#### Problem
The following data is to be repeated exactly, its pictures excluded.

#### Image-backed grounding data
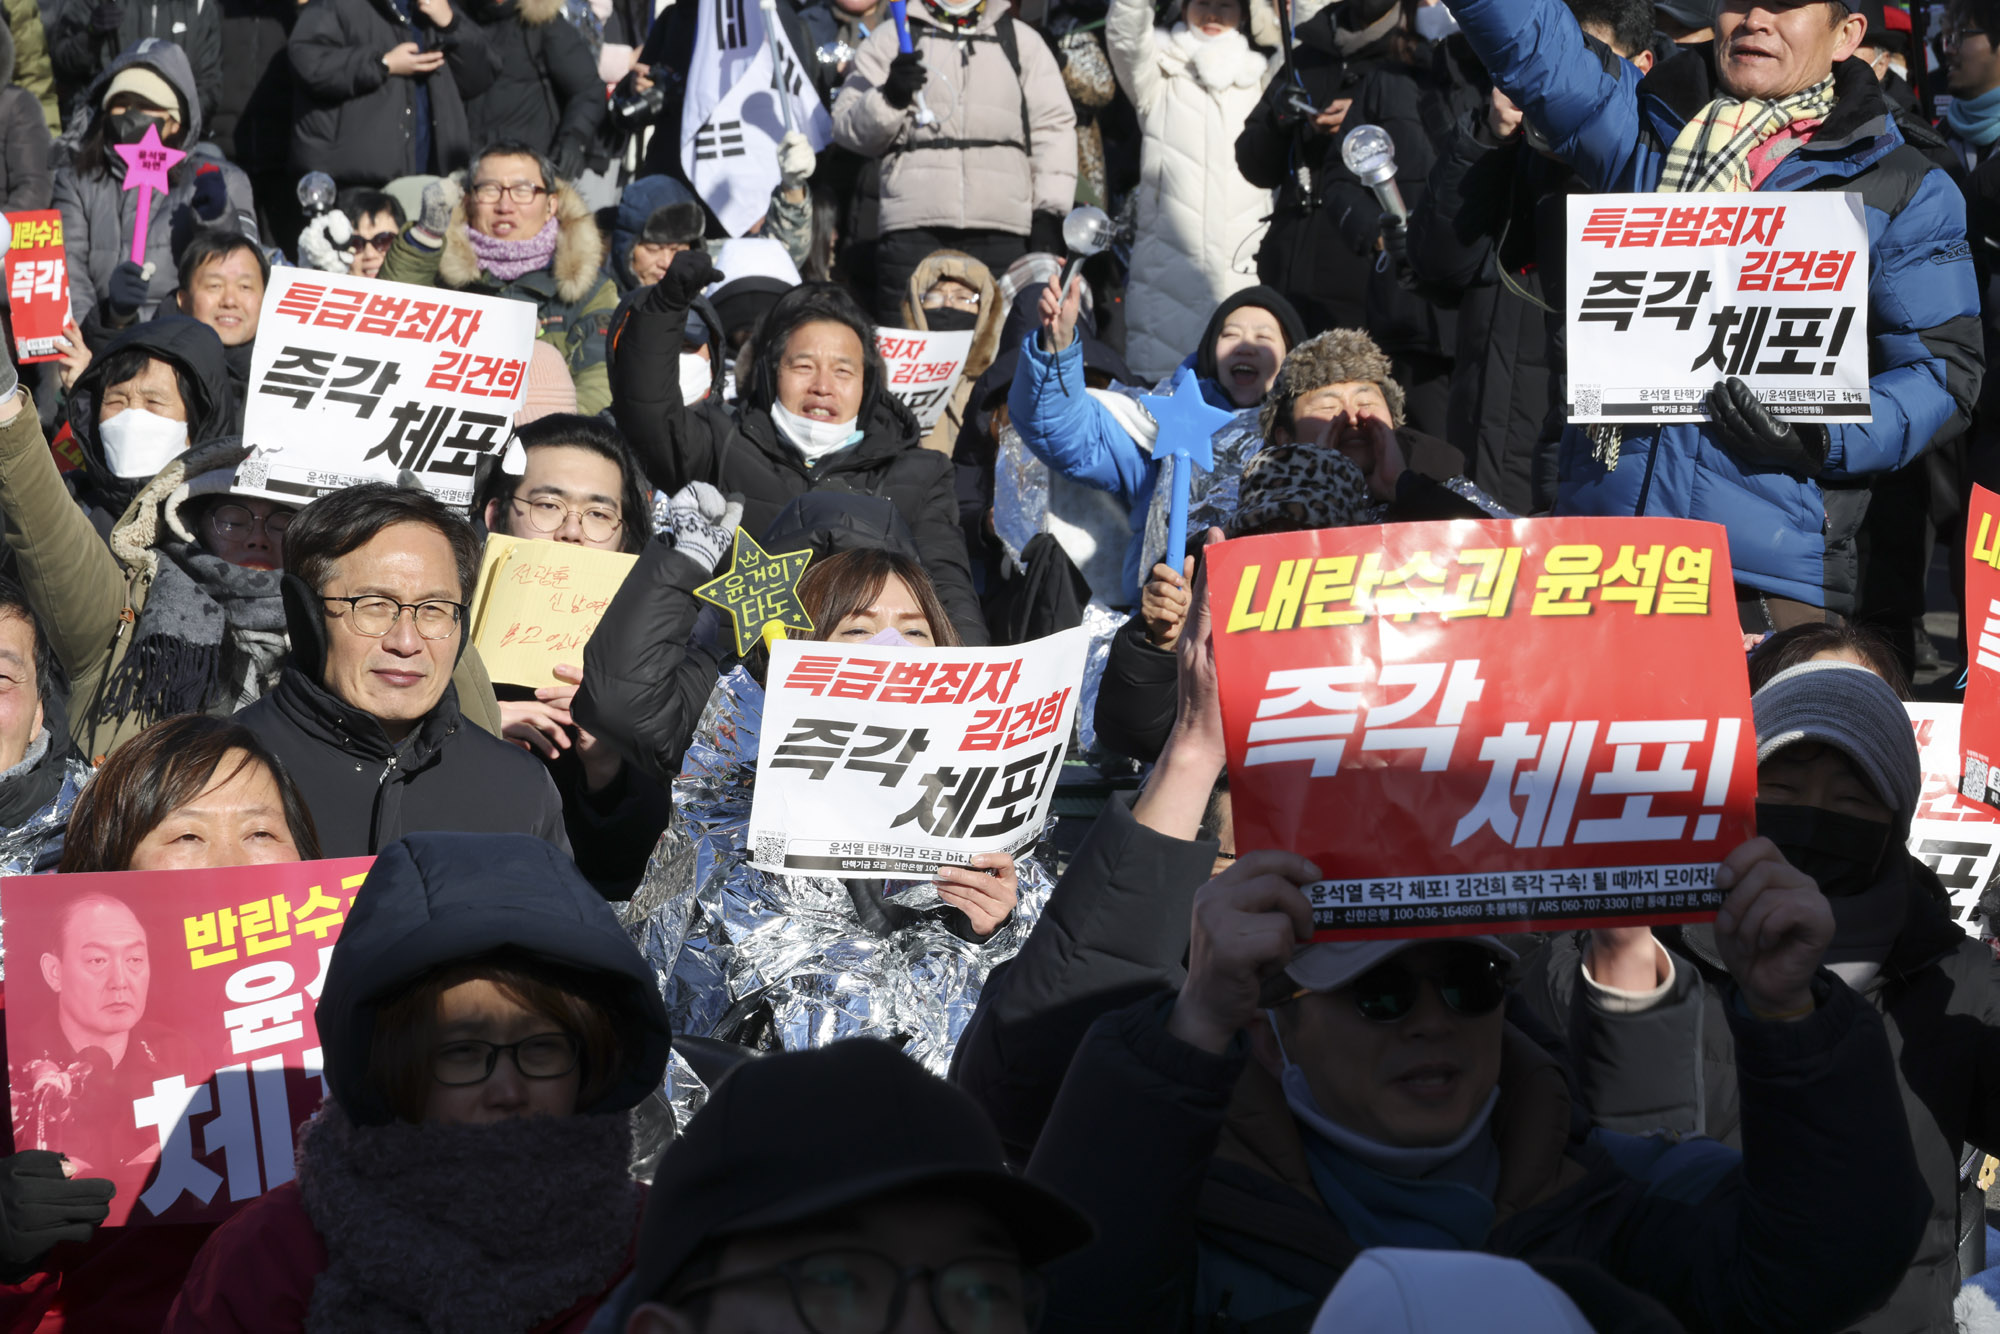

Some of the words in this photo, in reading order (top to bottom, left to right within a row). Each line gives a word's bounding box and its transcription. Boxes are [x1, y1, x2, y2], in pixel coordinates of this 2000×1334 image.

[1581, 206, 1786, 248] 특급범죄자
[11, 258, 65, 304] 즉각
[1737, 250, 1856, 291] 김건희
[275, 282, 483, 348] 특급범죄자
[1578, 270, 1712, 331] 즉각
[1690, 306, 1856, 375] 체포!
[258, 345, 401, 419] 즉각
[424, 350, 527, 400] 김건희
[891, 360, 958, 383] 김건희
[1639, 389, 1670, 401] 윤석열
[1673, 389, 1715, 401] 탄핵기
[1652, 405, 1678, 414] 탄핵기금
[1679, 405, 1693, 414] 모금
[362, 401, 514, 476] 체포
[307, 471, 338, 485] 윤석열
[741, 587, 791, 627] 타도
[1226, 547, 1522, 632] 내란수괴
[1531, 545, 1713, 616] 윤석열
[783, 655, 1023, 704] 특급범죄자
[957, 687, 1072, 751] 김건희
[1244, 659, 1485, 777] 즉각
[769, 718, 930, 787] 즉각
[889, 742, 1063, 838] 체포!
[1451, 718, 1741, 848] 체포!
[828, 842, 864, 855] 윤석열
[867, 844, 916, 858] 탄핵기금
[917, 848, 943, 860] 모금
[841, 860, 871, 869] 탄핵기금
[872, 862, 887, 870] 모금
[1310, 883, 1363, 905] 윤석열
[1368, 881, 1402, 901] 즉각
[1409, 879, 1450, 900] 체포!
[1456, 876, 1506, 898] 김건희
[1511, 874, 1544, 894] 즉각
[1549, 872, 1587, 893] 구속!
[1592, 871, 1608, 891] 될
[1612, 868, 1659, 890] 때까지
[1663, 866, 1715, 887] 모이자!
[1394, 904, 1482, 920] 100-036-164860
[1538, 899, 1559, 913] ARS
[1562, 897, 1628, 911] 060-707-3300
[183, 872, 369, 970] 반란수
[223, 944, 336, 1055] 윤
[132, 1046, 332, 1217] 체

#### Expected answer
Some of the words in this photo, in reading order (top to bottom, left to right within a row). Each line gives a word's bounding box and its transcription. Boxes are [x1, y1, x2, y2], in pixel coordinates of this 2000×1334 image.

[1581, 206, 1786, 248] 특급범죄자
[11, 258, 65, 304] 즉각
[1737, 250, 1856, 291] 김건희
[275, 282, 483, 348] 특급범죄자
[1578, 270, 1712, 331] 즉각
[1690, 306, 1856, 375] 체포!
[258, 345, 401, 419] 즉각
[424, 350, 527, 400] 김건희
[891, 360, 958, 383] 김건희
[1639, 389, 1670, 401] 윤석열
[1673, 389, 1715, 401] 탄핵기
[1652, 405, 1678, 414] 탄핵기금
[1679, 405, 1693, 414] 모금
[362, 401, 514, 476] 체포
[307, 471, 338, 485] 윤석열
[741, 587, 791, 627] 타도
[1226, 547, 1522, 632] 내란수괴
[1531, 545, 1713, 616] 윤석열
[783, 655, 1023, 704] 특급범죄자
[957, 687, 1072, 751] 김건희
[1244, 659, 1485, 777] 즉각
[769, 718, 930, 787] 즉각
[889, 742, 1063, 838] 체포!
[1451, 718, 1741, 848] 체포!
[828, 842, 864, 855] 윤석열
[867, 844, 916, 858] 탄핵기금
[917, 848, 943, 860] 모금
[841, 860, 871, 869] 탄핵기금
[872, 862, 887, 870] 모금
[1310, 883, 1363, 905] 윤석열
[1368, 881, 1402, 901] 즉각
[1409, 879, 1450, 900] 체포!
[1456, 876, 1506, 898] 김건희
[1511, 874, 1544, 894] 즉각
[1549, 872, 1587, 893] 구속!
[1592, 871, 1608, 891] 될
[1612, 868, 1659, 890] 때까지
[1663, 866, 1715, 887] 모이자!
[1394, 904, 1482, 920] 100-036-164860
[1538, 899, 1559, 913] ARS
[1562, 897, 1628, 911] 060-707-3300
[183, 872, 369, 970] 반란수
[223, 944, 336, 1055] 윤
[132, 1046, 332, 1217] 체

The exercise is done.